Overview

Teaching: min
Exercises: min

Questions

Objectives

Typical Sets

In this chapter, we’ll cover some important properties of sets of random draws from a distribution that provides important insight into the behavior of samplers, particularly in higher dimensions.

Most likely versus expected outcomes

Suppose we take a sequence \(Y = Y_1, \ldots, Y_N\) of random variables which are independent and identically distributed (i.i.d.) according to \(Y_n \sim \textrm{bernoulli}(\theta).\) For concreteness, let’s suppose \(N = 100\) and \(\theta = 0.8\).^[That means there’s an 80% chance \(Y_n = 1\) and a 20% chance \(Y_n = 0.\)] Given the i.i.d. assumption, we can write the joint probability function as \(\begin{array}{rcl} p_Y(y) & = & \prod_{n=1}^{100} p_{Y_n}(y_n) \\[8pt] & = & \prod_{n=1}^{100} 0.8^{y_n} \cdot (1 - 0.8)^{1 - y_n} \\[8pt] & = & 0.8^{\textrm{sum}(y)} \cdot 0.2^{\textrm{sum}(1 - y)}. \end{array}\)

What’s the most likely value for \(Y\)? For each \(Y_n,\) the most probable result is success (i.e., 1). Because the \(Y_n\) are independent, that means the most probable joint result is all successes. In symbols, this run of all successes maximizes the joint probability mass function \(p_Y(y)\), \(\begin{array}{rcl} y^* & = & \textrm{arg max}_y \ p_Y(y). \\[4pt] & = & ( \underbrace{1, 1, \ldots, 1}_{100 \ \textrm{times}} ). \end{array}\) Although a straight run of successes is the most likely result, given that it requires one hundred consecutive successes with only an eighty percent chance each, the overall probability is still very low. \(p_Y( \, (1, 1, \ldots, 1) \, ) \ = \ 0.8^{100} \cdot 0.2^{0} \ \approx \ 2.0 \cdot 10^{-10}.\)

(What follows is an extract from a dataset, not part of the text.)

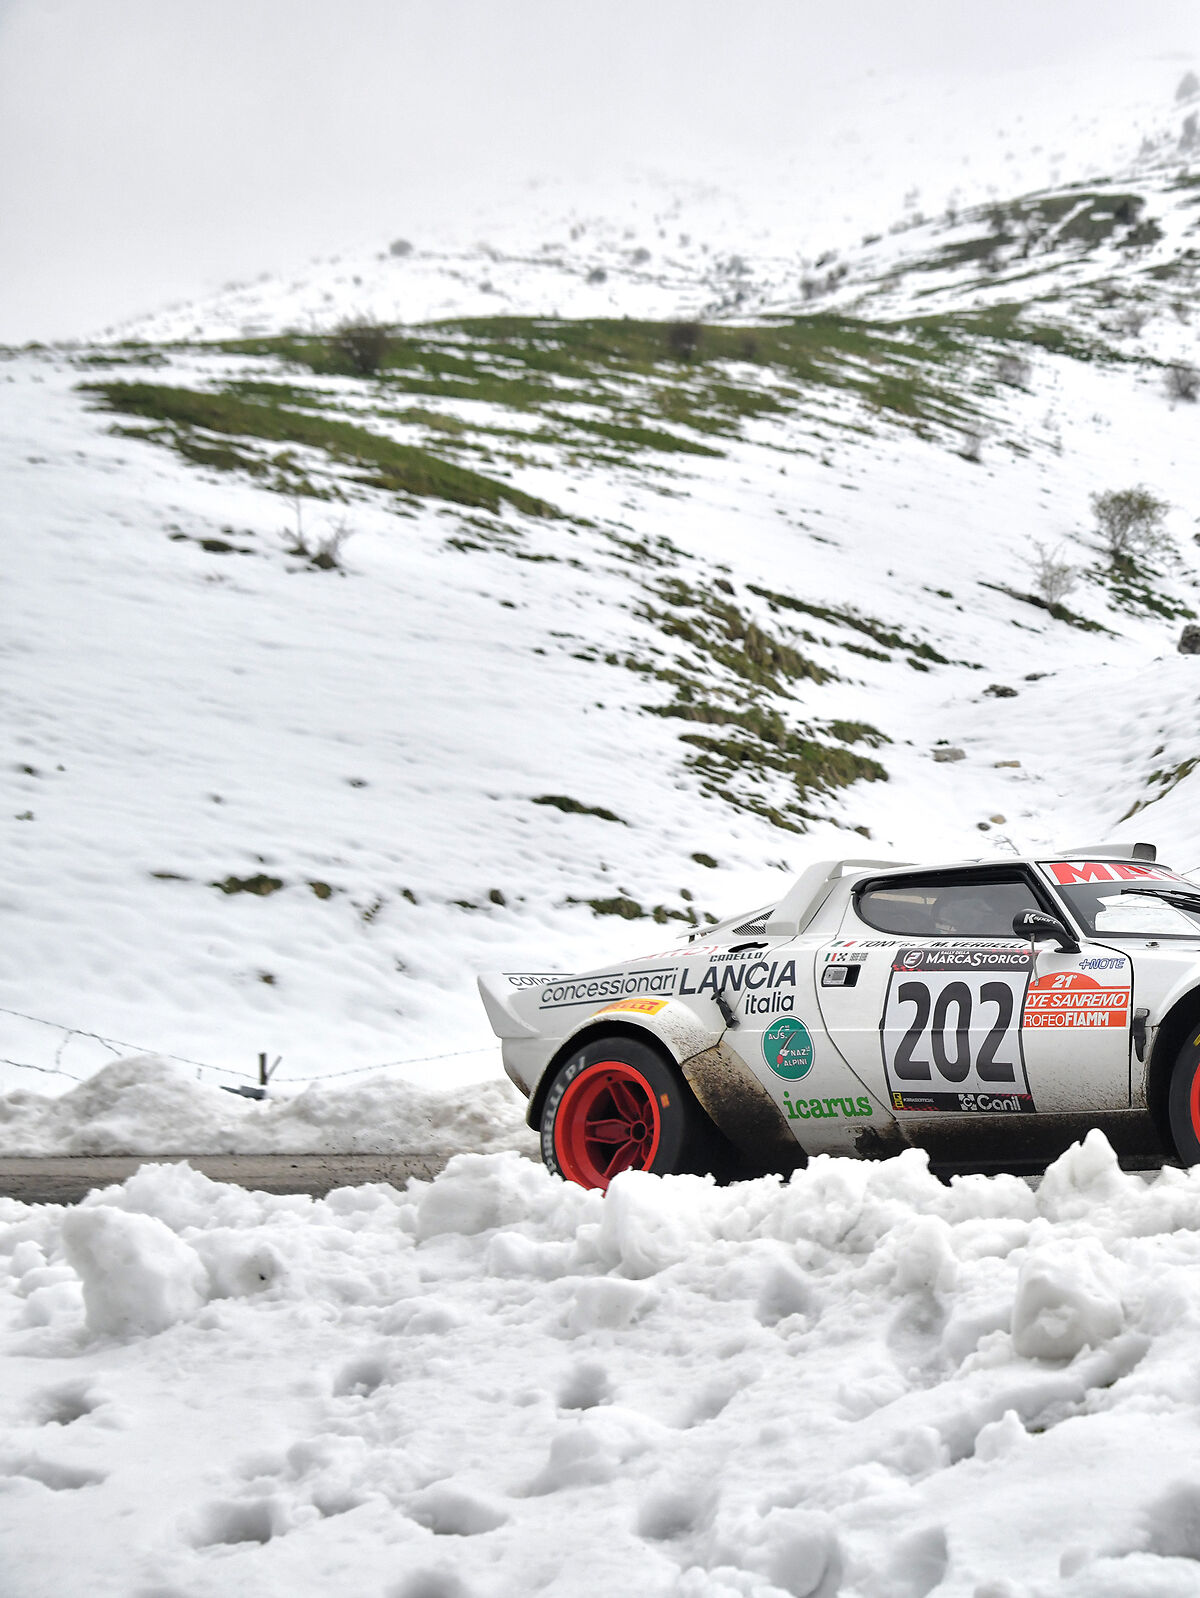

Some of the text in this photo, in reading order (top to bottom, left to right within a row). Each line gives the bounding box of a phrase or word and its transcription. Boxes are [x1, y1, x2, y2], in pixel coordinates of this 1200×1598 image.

In other words, we should be quite surprised to see one hundred straight successes.^[Joe DiMaggio’s record 56 consecutive baseball games with a hit is one of sports most unbreakable records. An eighty percent chance of success per game requires 4 at bats with a .333 batting average (i.e., chance of success), \((1 - 0.333)^4 \approx 0.2.\)]

The following plot demonstrates the range of total successes we’re likely to see by simulating 100 trials and counting the number of successes. This whole process is repeated multiple times to produce the data for the histogram.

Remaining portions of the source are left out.